▶ [Source material]
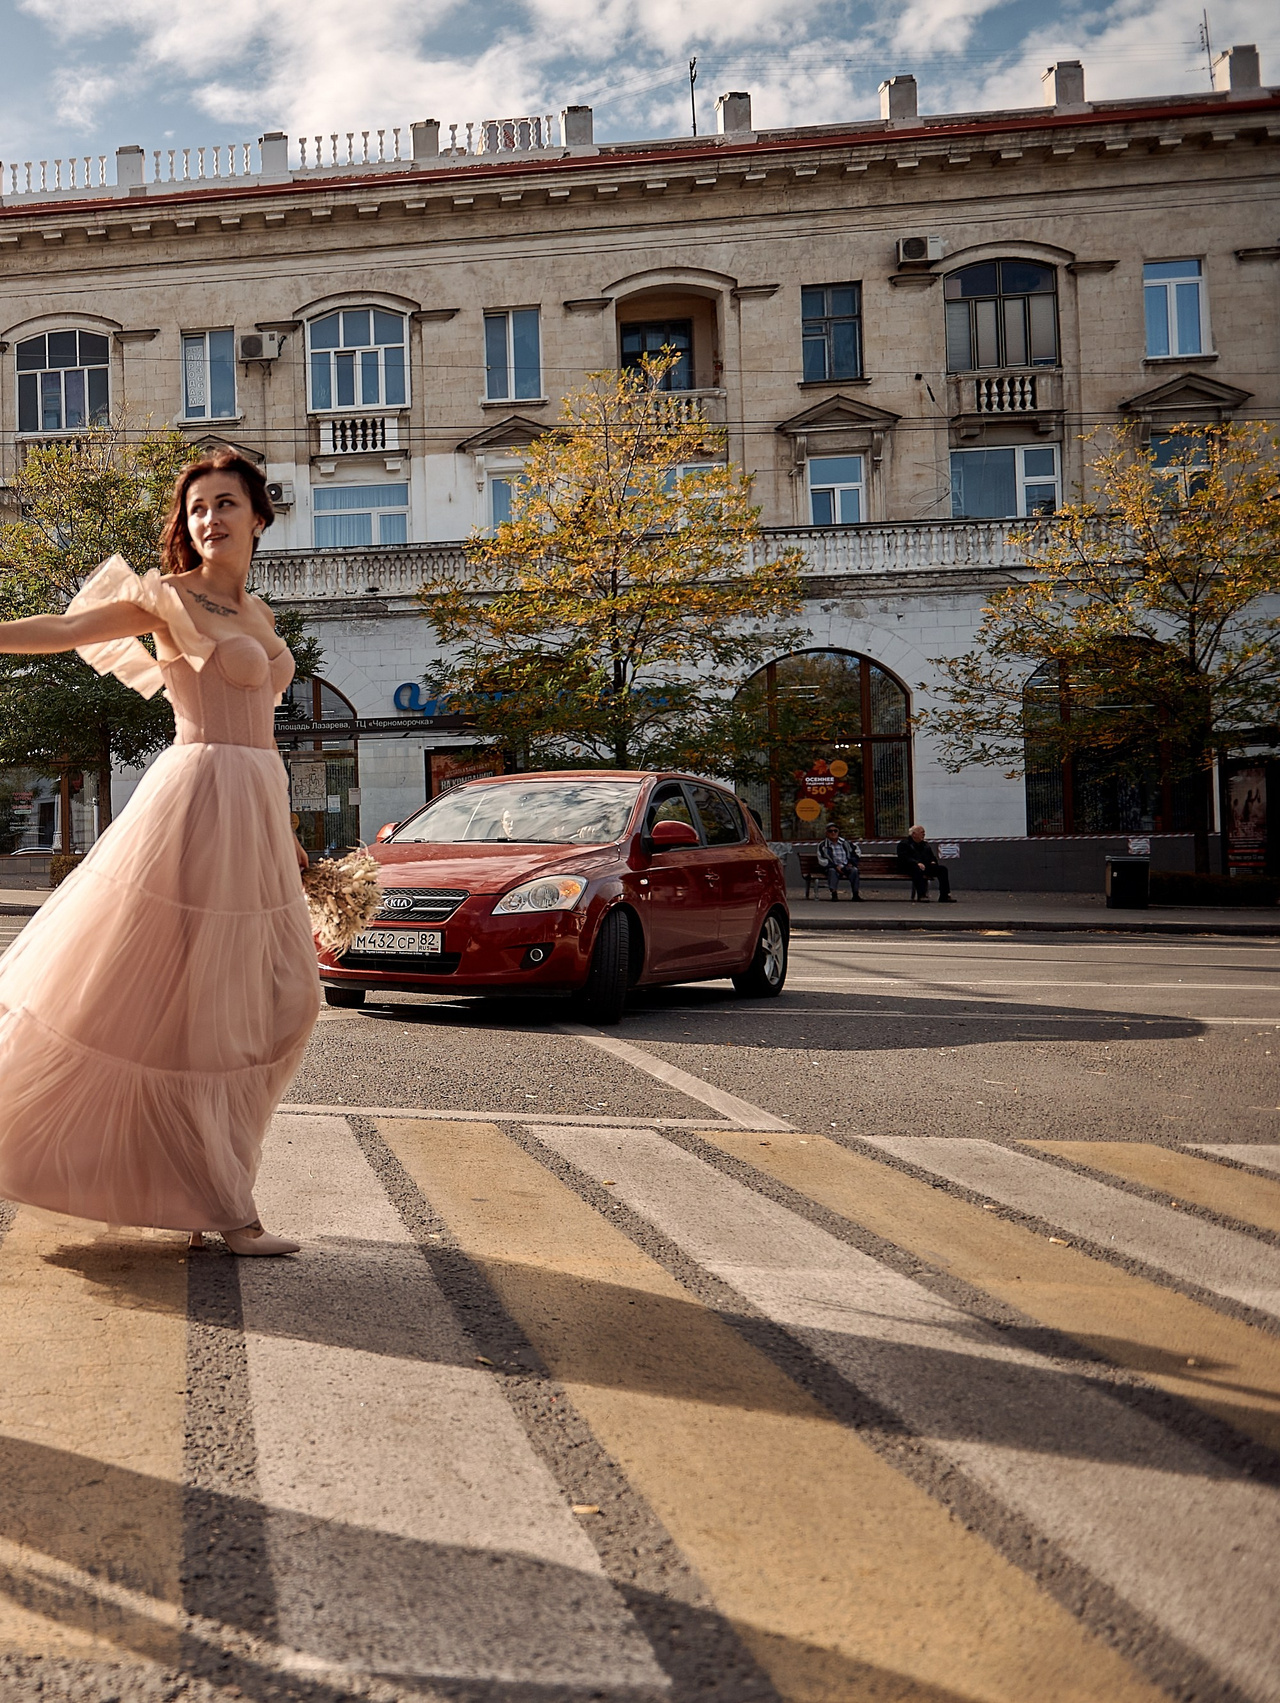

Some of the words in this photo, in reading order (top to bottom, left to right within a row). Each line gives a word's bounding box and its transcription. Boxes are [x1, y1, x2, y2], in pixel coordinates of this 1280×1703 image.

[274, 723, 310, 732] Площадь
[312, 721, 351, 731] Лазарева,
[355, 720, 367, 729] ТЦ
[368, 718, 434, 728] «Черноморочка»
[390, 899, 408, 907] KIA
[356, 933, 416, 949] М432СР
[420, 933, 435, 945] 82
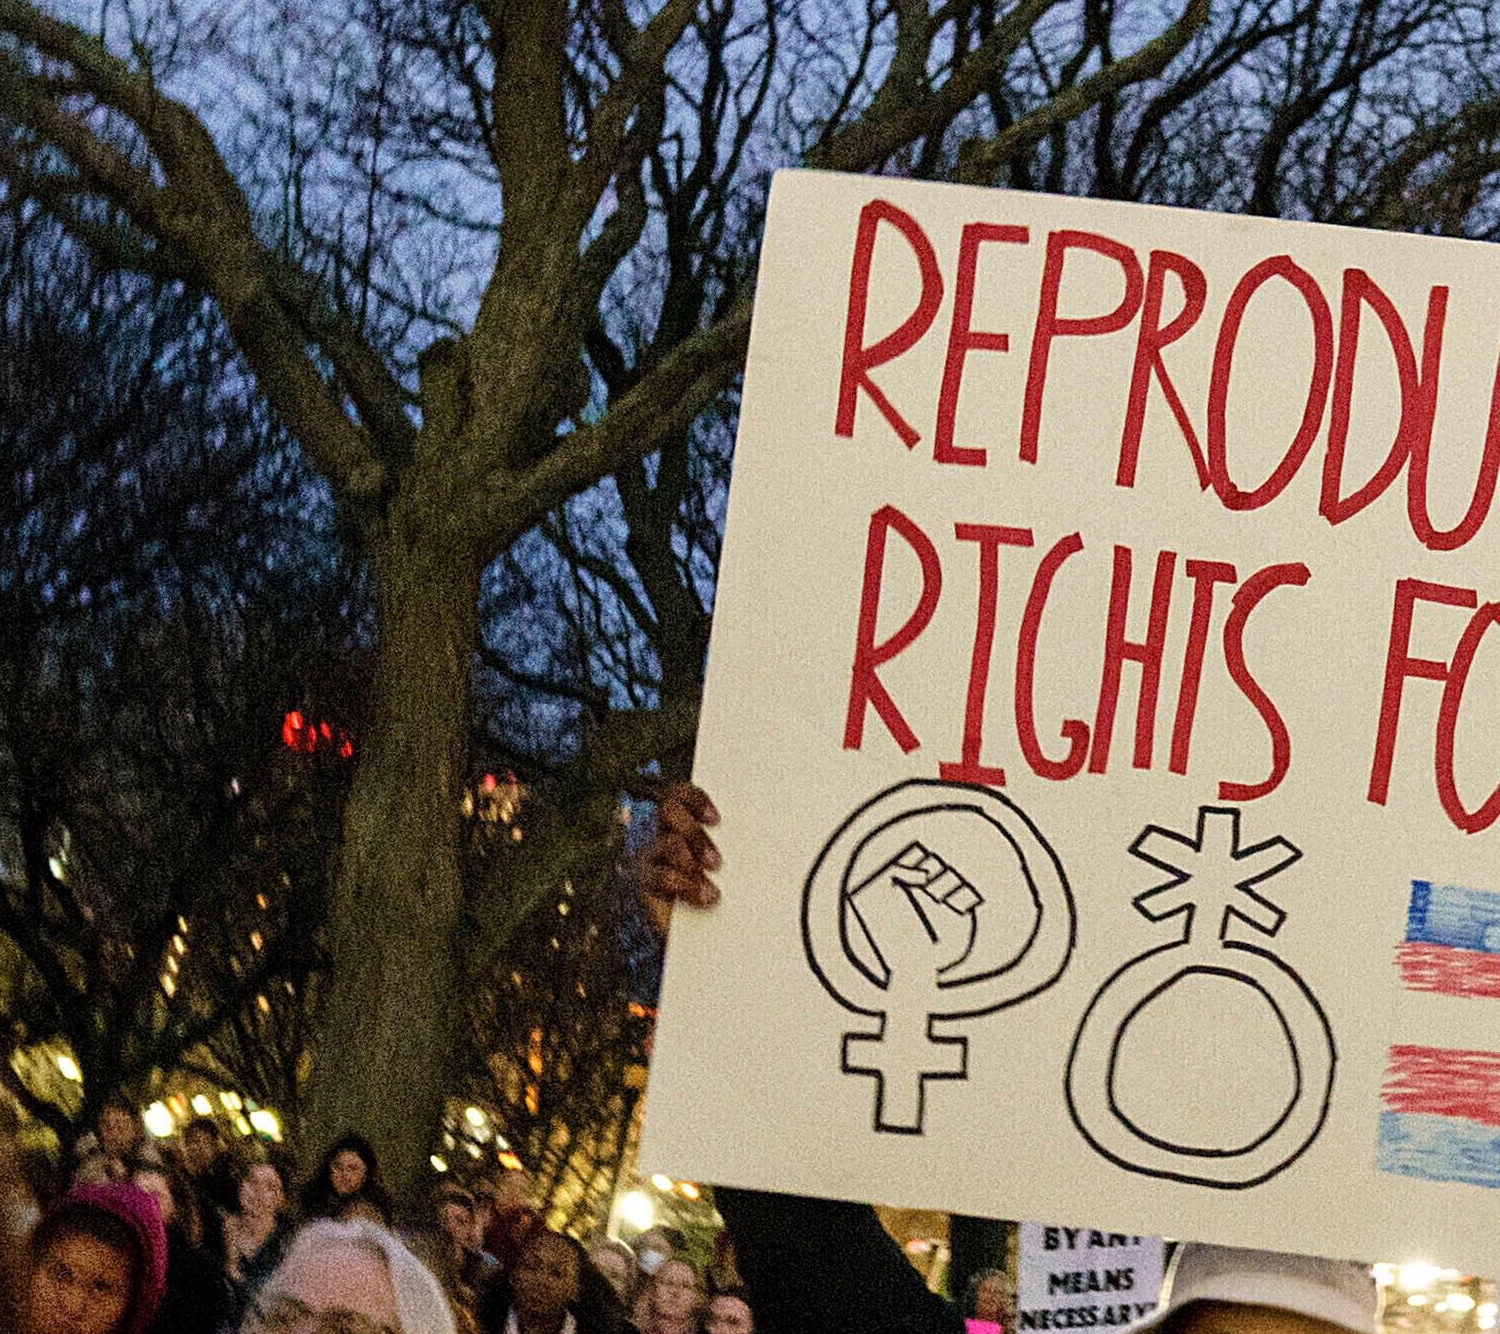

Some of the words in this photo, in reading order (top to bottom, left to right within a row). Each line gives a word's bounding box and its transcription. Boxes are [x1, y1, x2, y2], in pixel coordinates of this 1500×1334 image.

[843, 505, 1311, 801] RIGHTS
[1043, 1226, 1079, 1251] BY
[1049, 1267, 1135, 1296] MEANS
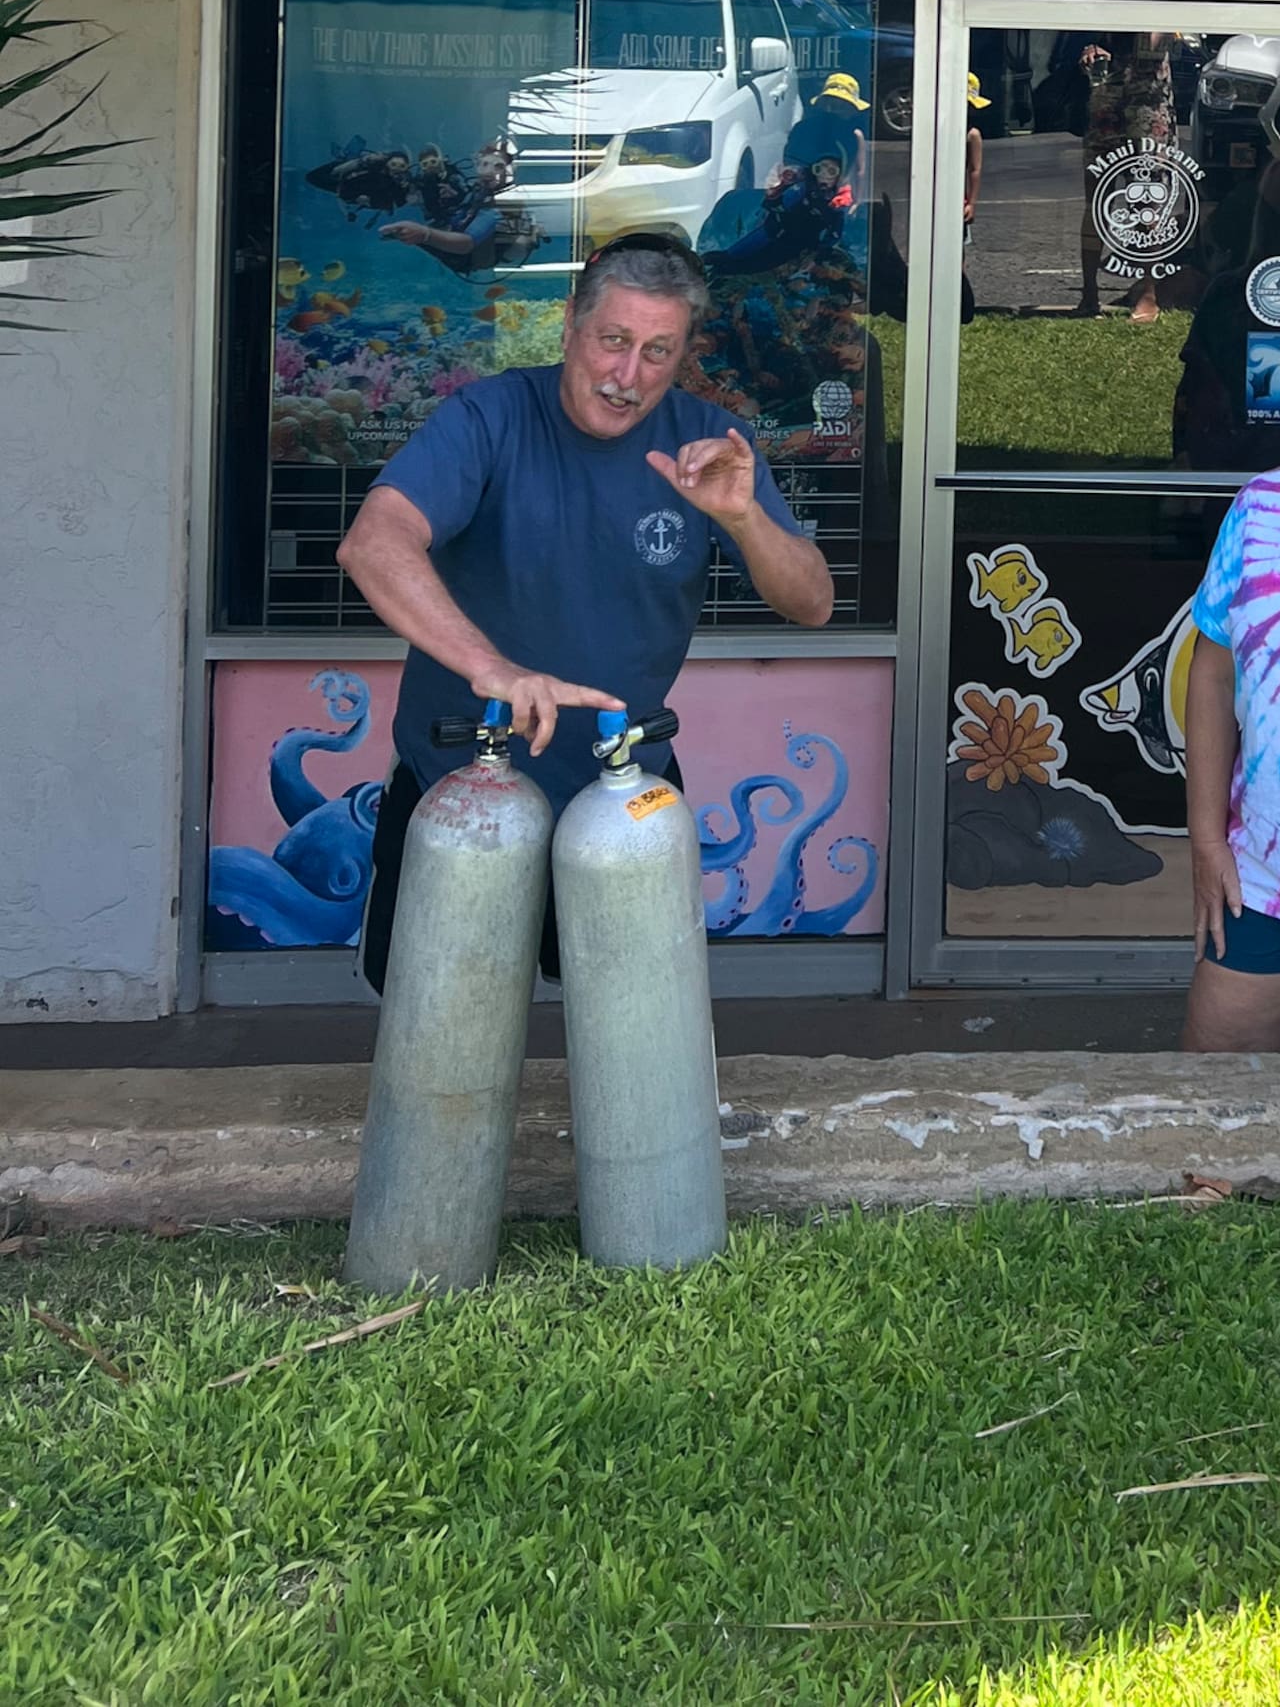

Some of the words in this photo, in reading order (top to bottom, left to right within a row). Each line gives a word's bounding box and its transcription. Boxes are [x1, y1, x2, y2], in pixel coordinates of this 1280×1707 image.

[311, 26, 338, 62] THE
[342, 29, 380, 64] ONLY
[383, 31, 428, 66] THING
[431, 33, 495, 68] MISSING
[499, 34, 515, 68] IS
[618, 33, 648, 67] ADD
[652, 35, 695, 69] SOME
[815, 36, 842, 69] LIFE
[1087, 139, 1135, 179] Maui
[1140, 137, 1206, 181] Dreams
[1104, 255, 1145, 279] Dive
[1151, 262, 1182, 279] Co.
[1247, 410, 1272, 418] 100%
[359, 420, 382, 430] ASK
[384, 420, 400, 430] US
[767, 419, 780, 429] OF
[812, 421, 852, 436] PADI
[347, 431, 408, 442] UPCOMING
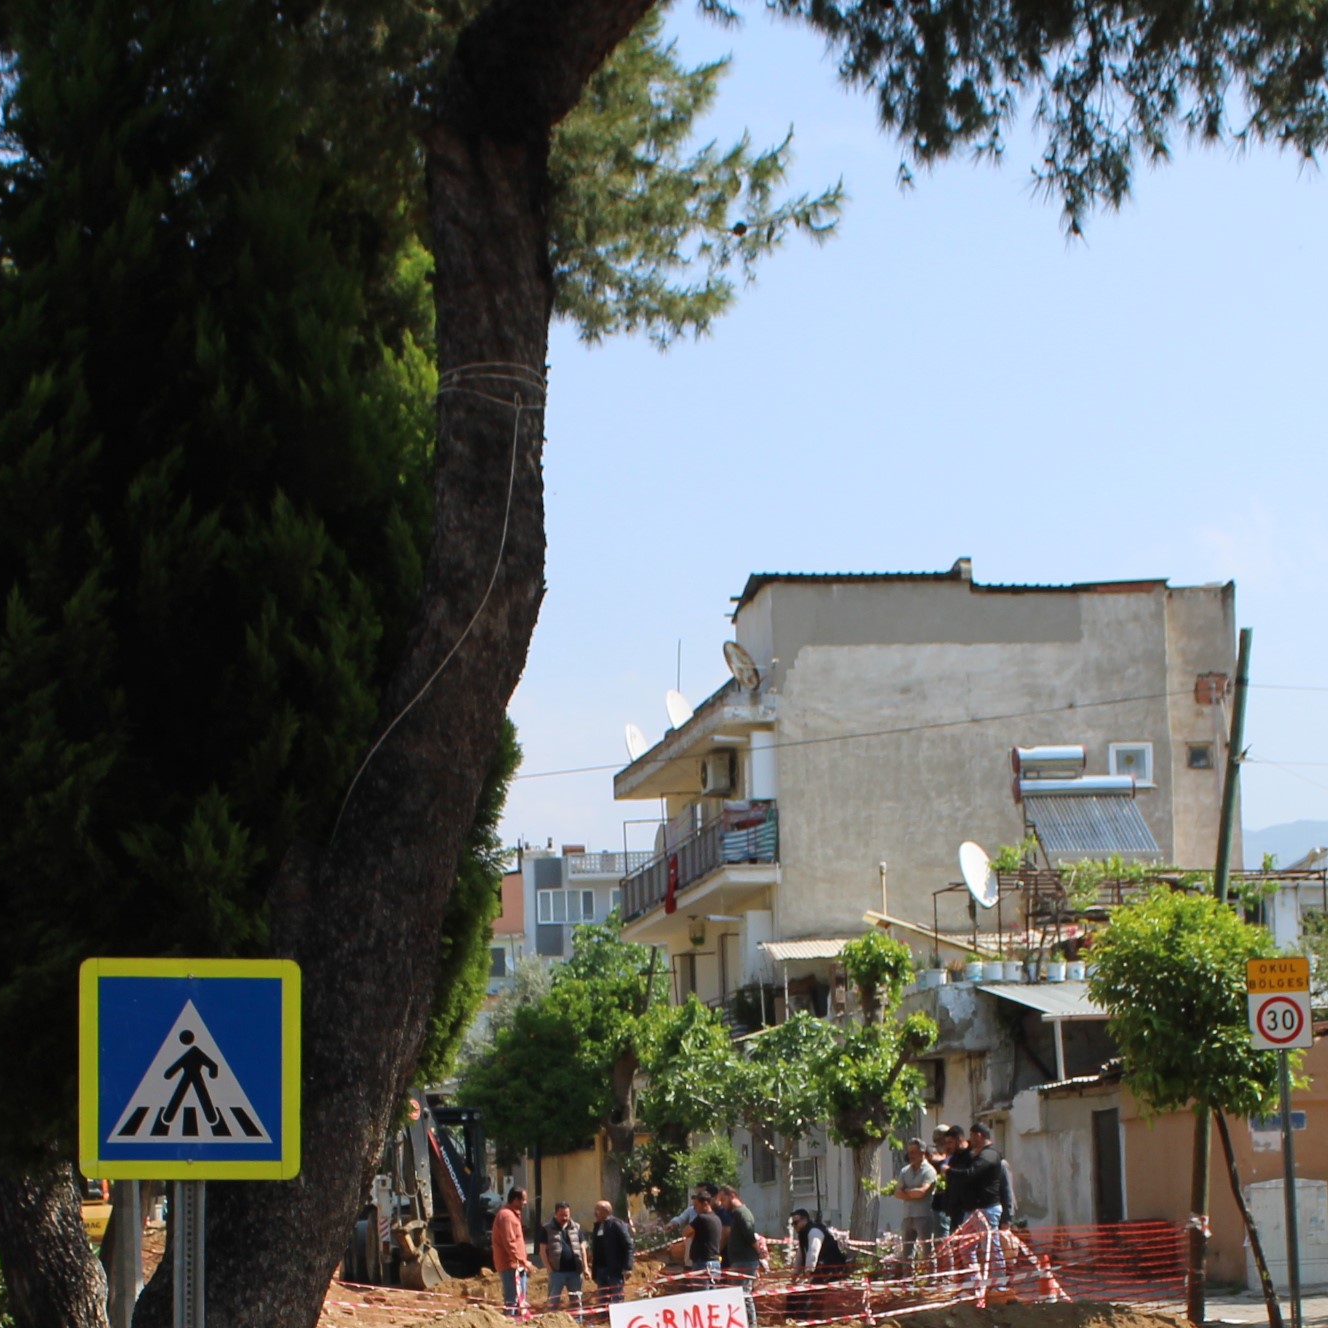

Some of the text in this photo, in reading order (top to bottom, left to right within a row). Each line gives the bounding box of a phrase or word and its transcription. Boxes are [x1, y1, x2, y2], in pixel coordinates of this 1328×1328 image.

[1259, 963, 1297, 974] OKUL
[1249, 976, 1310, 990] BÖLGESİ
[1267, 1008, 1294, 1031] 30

▶ [To do] Repeat every entry above word for word, and include no pictures.

▶ [Written answer]
Some of the words in this photo, in reading order (top to bottom, left to right within a row). Each line gives a word's bounding box and its transcription. Boxes are [x1, y1, x2, y2], in pixel coordinates of this 1280×1703 image.

[274, 723, 310, 732] Площадь
[312, 721, 351, 731] Лазарева,
[355, 720, 367, 729] ТЦ
[368, 718, 434, 728] «Черноморочка»
[390, 899, 408, 907] KIA
[356, 933, 416, 949] М432СР
[420, 933, 435, 945] 82

Some of the words in this photo, in reading order (top to bottom, left to right within a row). Each line gives a word's bounding box and its transcription. Boxes are [x1, y1, x2, y2], in pixel coordinates of this 1500×1334 image.

[843, 505, 1311, 801] RIGHTS
[1043, 1226, 1079, 1251] BY
[1049, 1267, 1135, 1296] MEANS

Some of the words in this photo, in reading order (top to bottom, left to right within a row). Each line gives a word's bounding box and its transcription. Boxes are [x1, y1, x2, y2], in pixel coordinates of this 1280×1707 image.

[311, 26, 338, 62] THE
[342, 29, 380, 64] ONLY
[383, 31, 428, 66] THING
[431, 33, 495, 68] MISSING
[499, 34, 515, 68] IS
[618, 33, 648, 67] ADD
[652, 35, 695, 69] SOME
[815, 36, 842, 69] LIFE
[1087, 139, 1135, 179] Maui
[1140, 137, 1206, 181] Dreams
[1104, 255, 1145, 279] Dive
[1151, 262, 1182, 279] Co.
[1247, 410, 1272, 418] 100%
[359, 420, 382, 430] ASK
[384, 420, 400, 430] US
[767, 419, 780, 429] OF
[812, 421, 852, 436] PADI
[347, 431, 408, 442] UPCOMING

Some of the text in this photo, in reading order (top to bottom, left to right within a row). Each line gives the bounding box of a phrase or word and its transcription. Boxes are [x1, y1, x2, y2], in pixel coordinates of this 1328×1328 image.

[1259, 963, 1297, 974] OKUL
[1249, 976, 1310, 990] BÖLGESİ
[1267, 1008, 1294, 1031] 30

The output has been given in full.